## ASSIGNMENT
What's needed is a word-for-word retyping of the entries below, pictures omitted.

Source records
BEGIN
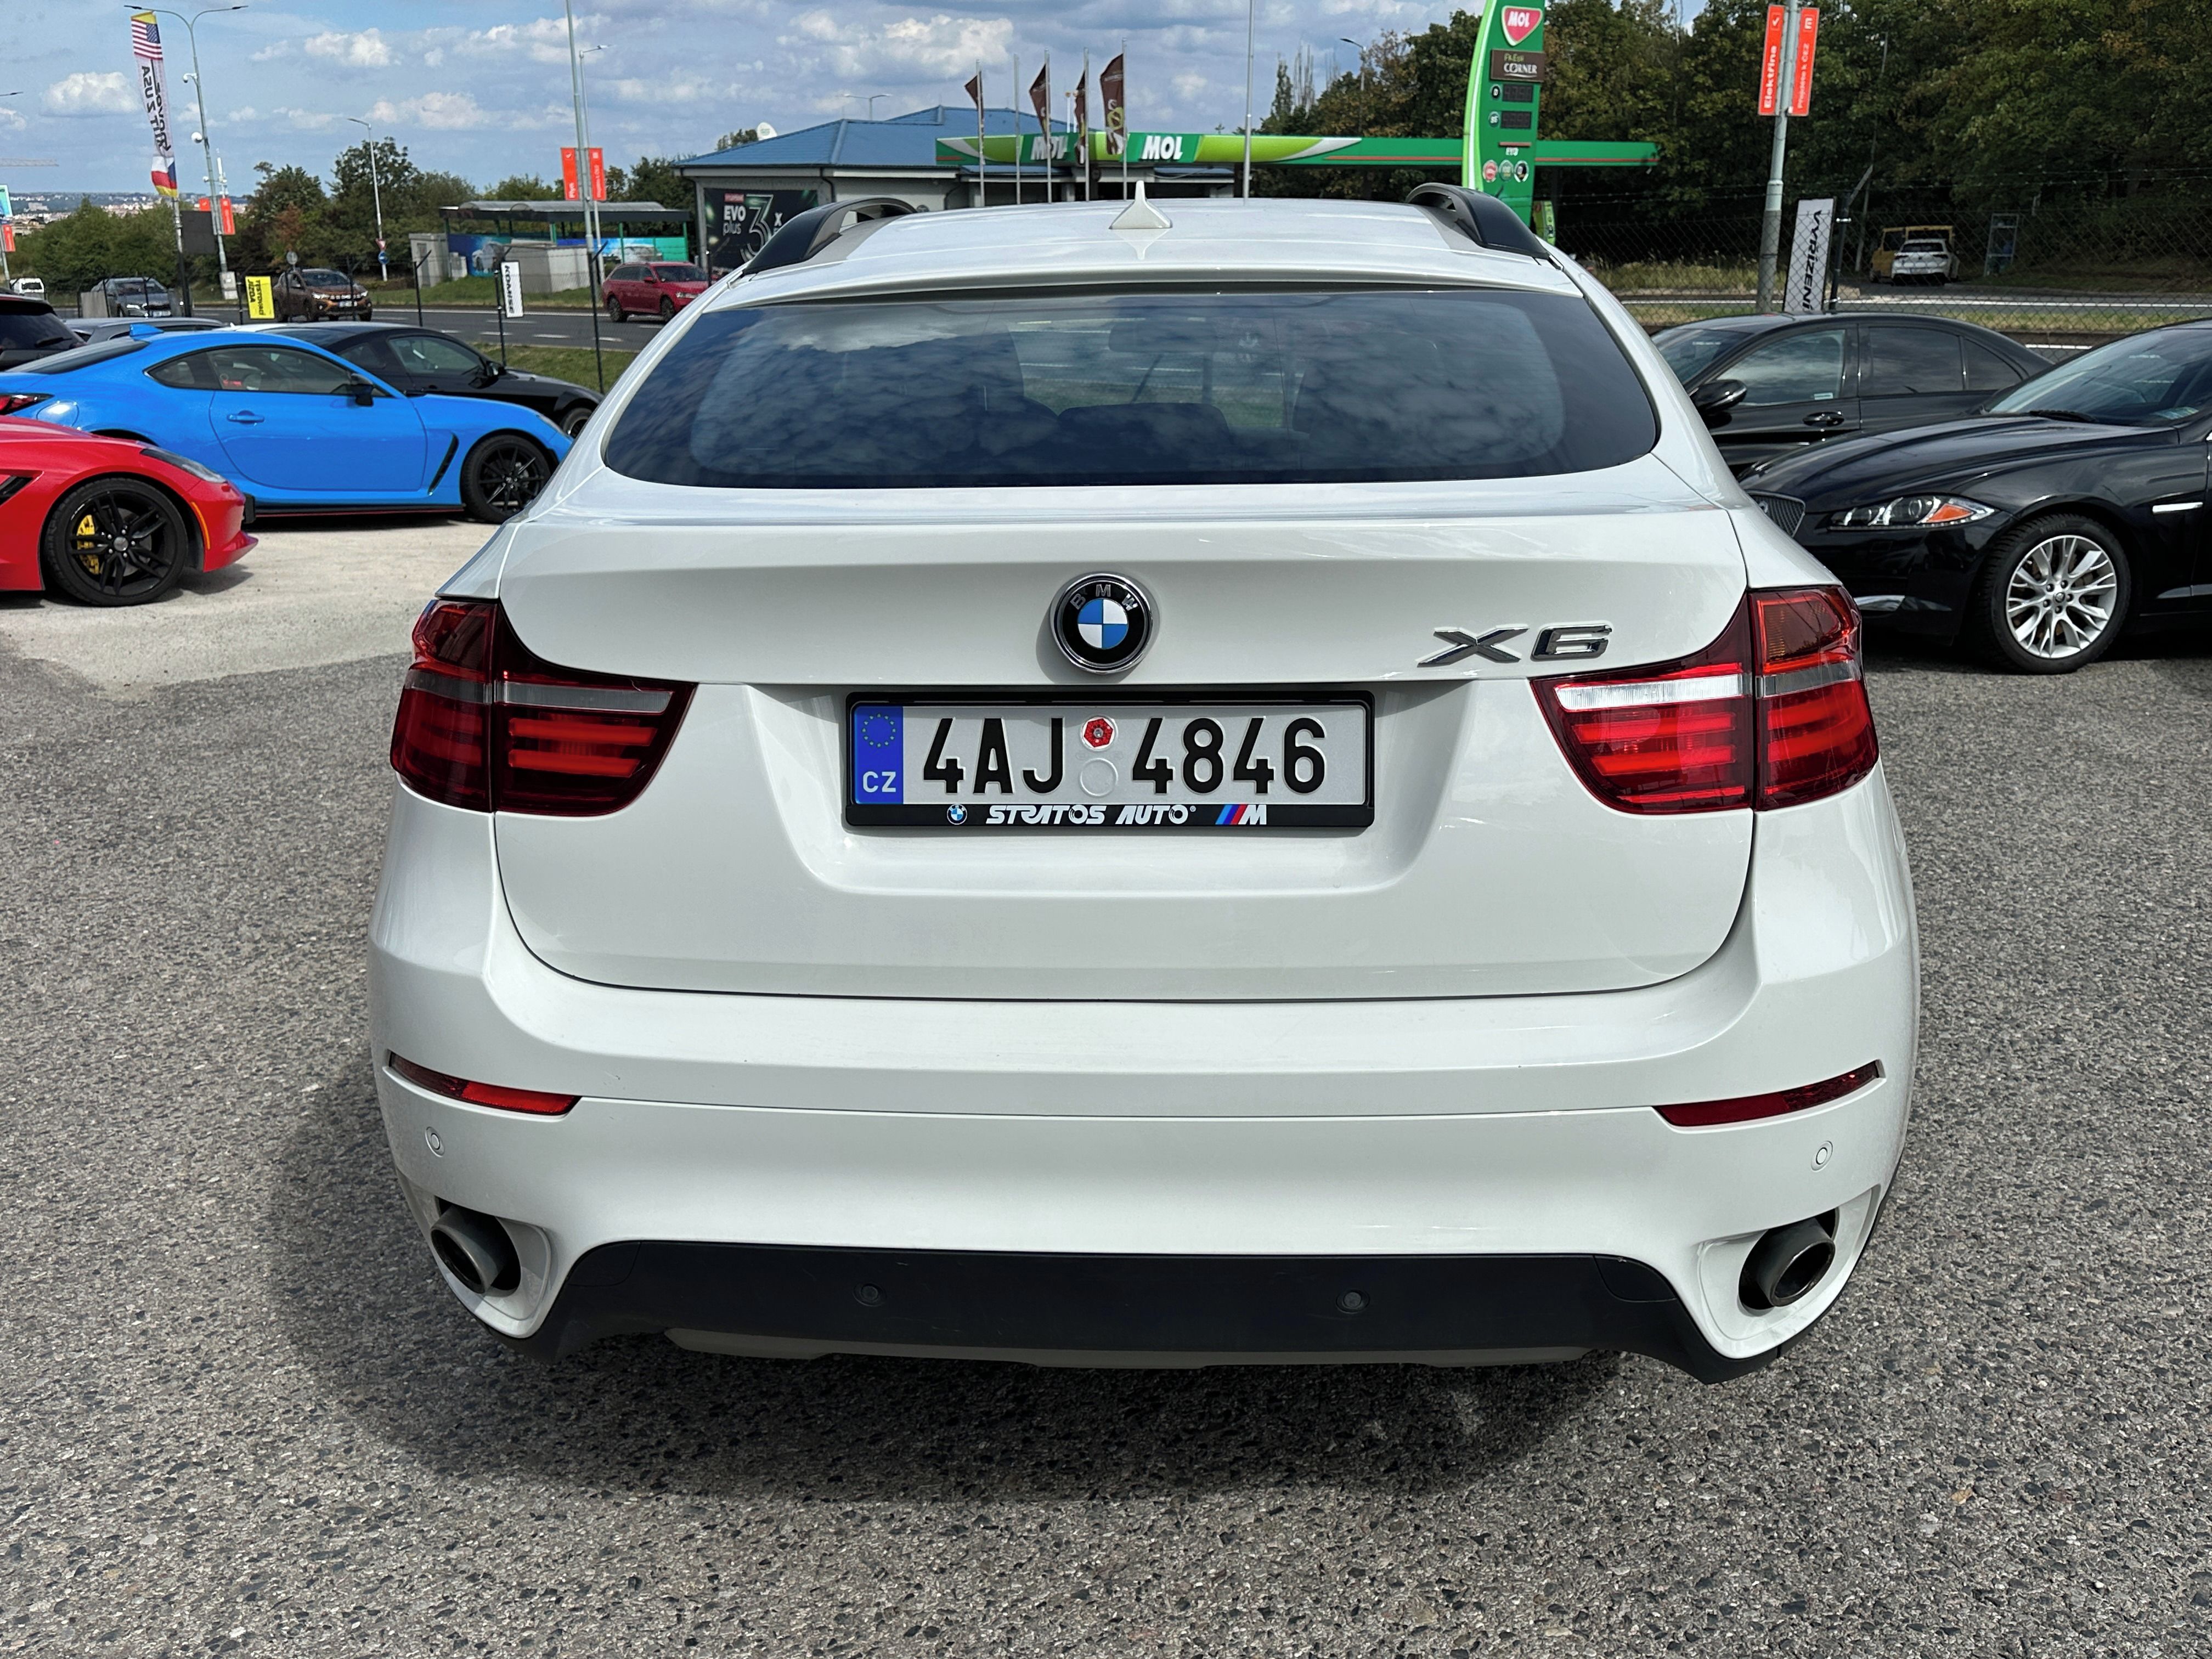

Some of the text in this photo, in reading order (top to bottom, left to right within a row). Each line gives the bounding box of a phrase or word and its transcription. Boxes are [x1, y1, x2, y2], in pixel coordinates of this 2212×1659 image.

[1508, 11, 1530, 27] MOL
[1503, 63, 1537, 74] CORNER
[1763, 46, 1777, 108] Elektřina
[1141, 135, 1183, 160] MOL
[724, 205, 746, 222] EVO
[723, 220, 742, 236] plus
[1803, 210, 1821, 310] VYŘÍZENÍ
[1070, 584, 1138, 611] BMW
[1417, 623, 1612, 668] X6
[923, 718, 1325, 794] 4AJ 4846
[862, 771, 896, 793] CZ
[986, 805, 1106, 825] STRATOS
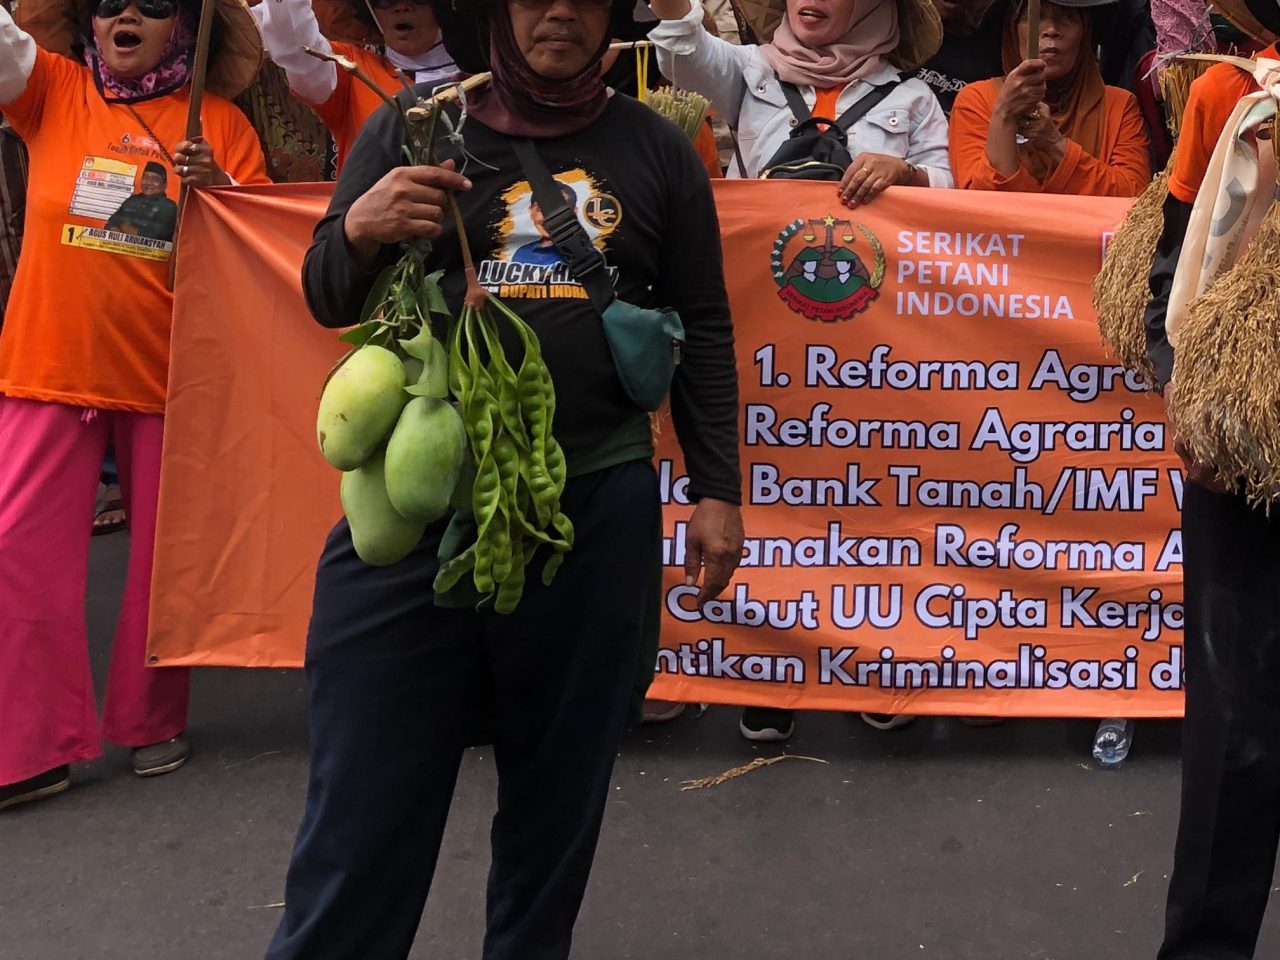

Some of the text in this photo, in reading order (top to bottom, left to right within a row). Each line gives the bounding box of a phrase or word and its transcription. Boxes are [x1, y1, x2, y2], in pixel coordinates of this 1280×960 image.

[68, 227, 75, 243] 1
[896, 230, 1025, 257] SERIKAT
[480, 260, 551, 284] LUCKY
[896, 261, 1009, 286] PETANI
[500, 285, 590, 299] BUPATI INDRA
[896, 291, 1074, 319] INDONESIA
[754, 345, 790, 387] 1.
[806, 345, 1018, 390] Reforma
[746, 403, 959, 450] Reforma
[969, 407, 1165, 462] Agraria
[751, 463, 881, 507] Bank
[888, 465, 1159, 515] Tanah/IMF
[935, 523, 1144, 571] Reforma
[666, 583, 819, 629] Cabut
[831, 584, 902, 628] UU
[914, 583, 1048, 640] Cipta
[655, 638, 804, 683] ntikan
[818, 642, 1138, 690] Kriminalisasi
END
## RESPONSE TO THE TASK
Some of the text in this photo, in reading order (top to bottom, left to right within a row). Each line gives the bounding box of a phrase or word and its transcription. Boxes are [x1, y1, x2, y2], in pixel coordinates of this 2212×1659 image.

[1508, 11, 1530, 27] MOL
[1503, 63, 1537, 74] CORNER
[1763, 46, 1777, 108] Elektřina
[1141, 135, 1183, 160] MOL
[724, 205, 746, 222] EVO
[723, 220, 742, 236] plus
[1803, 210, 1821, 310] VYŘÍZENÍ
[1070, 584, 1138, 611] BMW
[1417, 623, 1612, 668] X6
[923, 718, 1325, 794] 4AJ 4846
[862, 771, 896, 793] CZ
[986, 805, 1106, 825] STRATOS

Some of the text in this photo, in reading order (top to bottom, left to right within a row). Each line gives the bounding box of a phrase or word and its transcription. Boxes are [x1, y1, x2, y2], in pixel coordinates of this 1280×960 image.

[68, 227, 75, 243] 1
[896, 230, 1025, 257] SERIKAT
[480, 260, 551, 284] LUCKY
[896, 261, 1009, 286] PETANI
[500, 285, 590, 299] BUPATI INDRA
[896, 291, 1074, 319] INDONESIA
[754, 345, 790, 387] 1.
[806, 345, 1018, 390] Reforma
[746, 403, 959, 450] Reforma
[969, 407, 1165, 462] Agraria
[751, 463, 881, 507] Bank
[888, 465, 1159, 515] Tanah/IMF
[935, 523, 1144, 571] Reforma
[666, 583, 819, 629] Cabut
[831, 584, 902, 628] UU
[914, 583, 1048, 640] Cipta
[655, 638, 804, 683] ntikan
[818, 642, 1138, 690] Kriminalisasi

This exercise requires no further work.